Market Movers: With the Fayetteville shale in structural decline, the Fayetteville Express Pipeline has potential optionality for the right owner willing to bet on higher gas prices.

Estimated Quarterly Volumes: Northeast meter point samples are up 5.7% from 3Q25.

Calendar: Updated Financial Models available Dec. 12.

Market Movers: 

Energy Transfer (ET) and Kinder Morgan (KMI) each own 50% of the 2.0 Bcf/d Fayetteville Express Pipeline (FEP), a 185-mile, 42-inch line moving dry gas from the mature Fayetteville shale into ET’s Trunkline system in Mississippi. With the Fayetteville in structural decline, FEP has potential optionality for the right owner willing to bet on higher gas prices.

The former Southwestern Energy (now Coterra Energy (CTRA)) was the dominant Fayetteville operator before exiting the play in late 2018, selling its upstream and related midstream gathering business to private equity-backed Flywheel Energy for $1.865B.

For KMI, the asset is non-operated, generates modest earnings, and has a declining profile as contracts roll off. FEP has already flagged “adverse economic conditions” in regulatory filings, and postings show meaningful unsubscribed capacity, a weak fit with KMI’s rotation toward higher-growth pipes and storage.

For Energy Transfer, the same facts cut the other way. ET already operates FEP and wholly owns Trunkline Pipeline for downstream access. ET is also developing the 16.5 Mtpa Lake Charles LNG project, which will rely on Trunkline for feedgas. Owning 100% of FEP would simplify tariff and operating decisions along the corridor connecting the Fayetteville to Lake Charles, concentrating any upside from recontracting or repurposing the lateral.

Economically, the Fayetteville is a high-cost swing basin. The play is in harvest mode at a $3/MMBtu Henry Hub price, with legacy wells managed for cash and little justification for new drilling. If gas moves into a $4 range, the remaining core rock and refrac candidates start to work again, and sustained prices over $5 could support a modest rig program and targeted completions.

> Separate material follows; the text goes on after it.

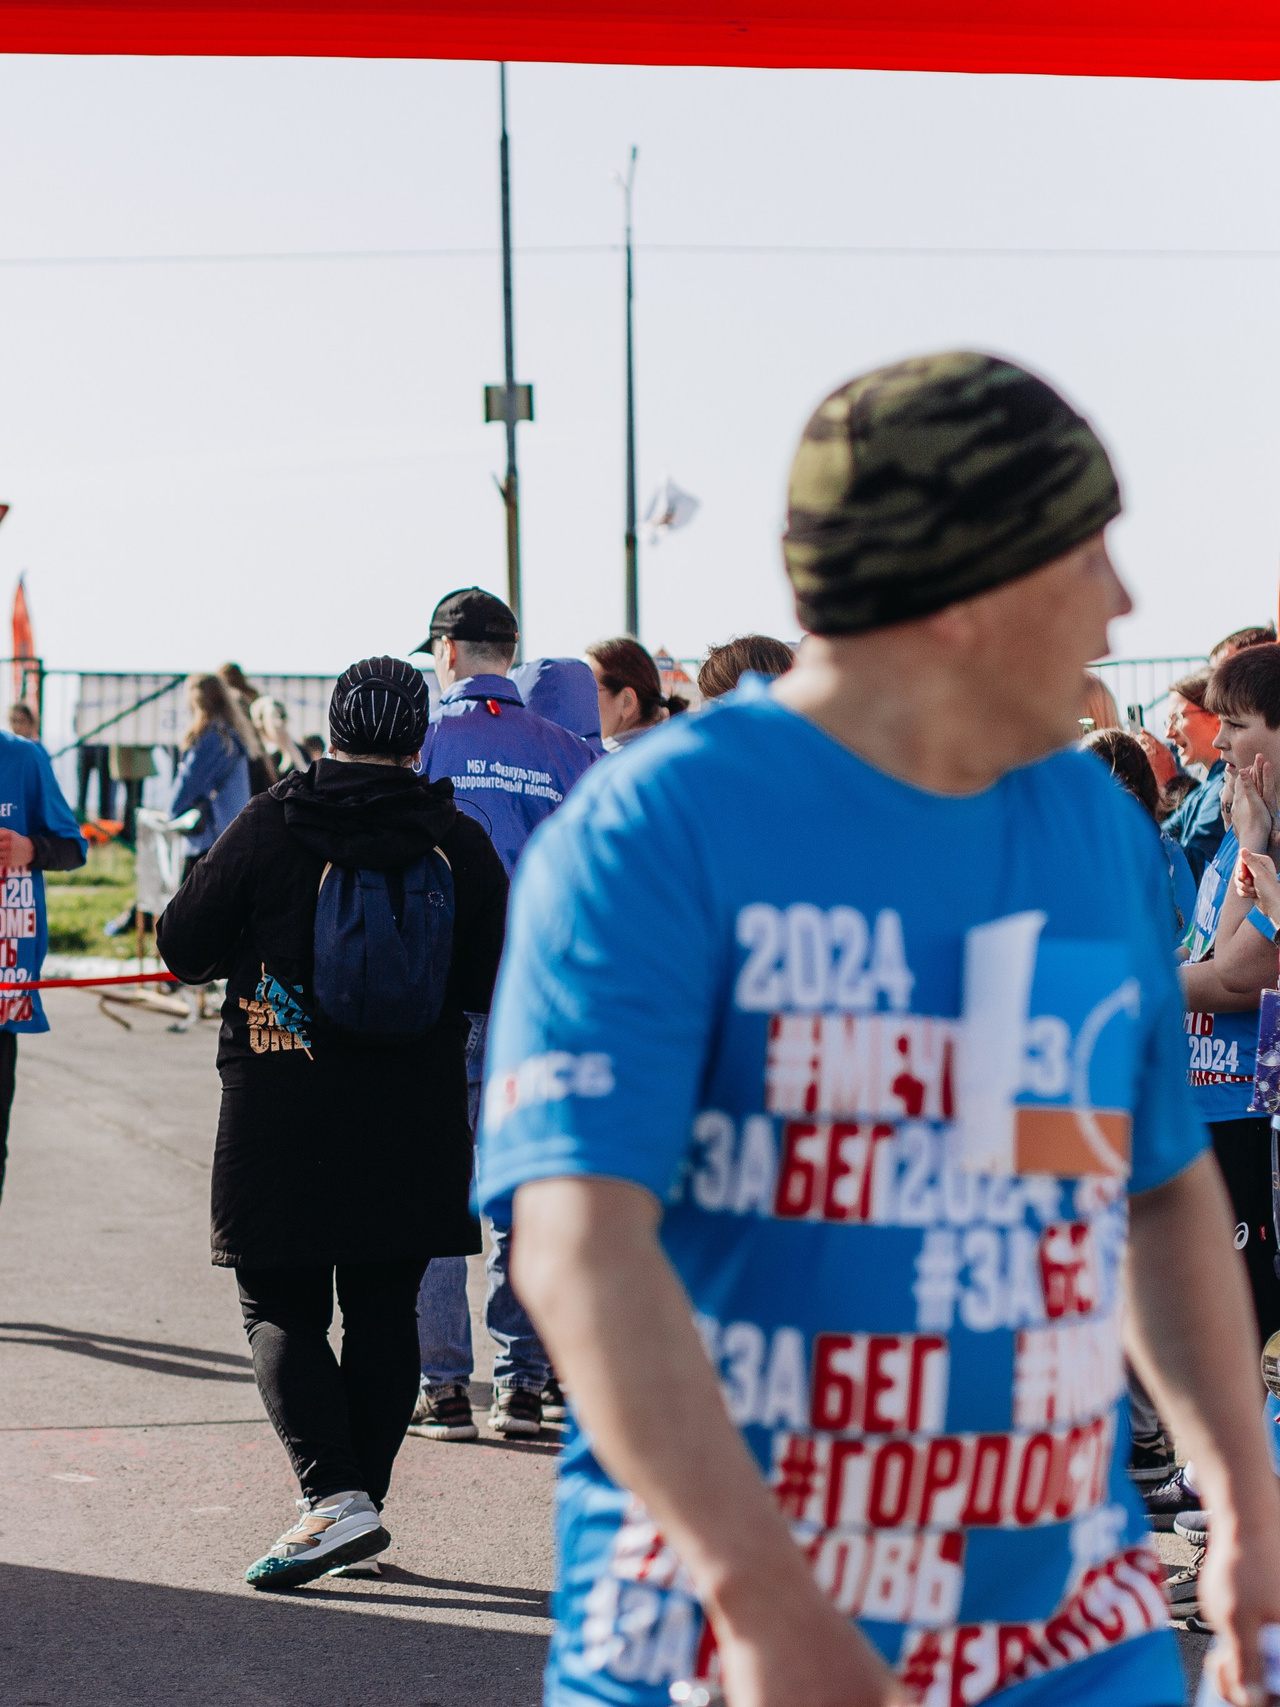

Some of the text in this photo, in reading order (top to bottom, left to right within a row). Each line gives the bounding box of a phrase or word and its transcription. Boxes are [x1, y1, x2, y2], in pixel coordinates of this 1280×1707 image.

ET still has higher-return uses for capital in the Permian and to support its NGL value chain. But if KMI moves to prune non-core JVs, ET is the obvious consolidator and could turn a challenged Fayetteville pipe into a strategic bolt-on for its LNG ambitions.

Investor Takeaway: FEP screens as a logical non-core sale for KMI and a clean-up buy for ET, but any transaction must compete with ET’s other growth projects for capital.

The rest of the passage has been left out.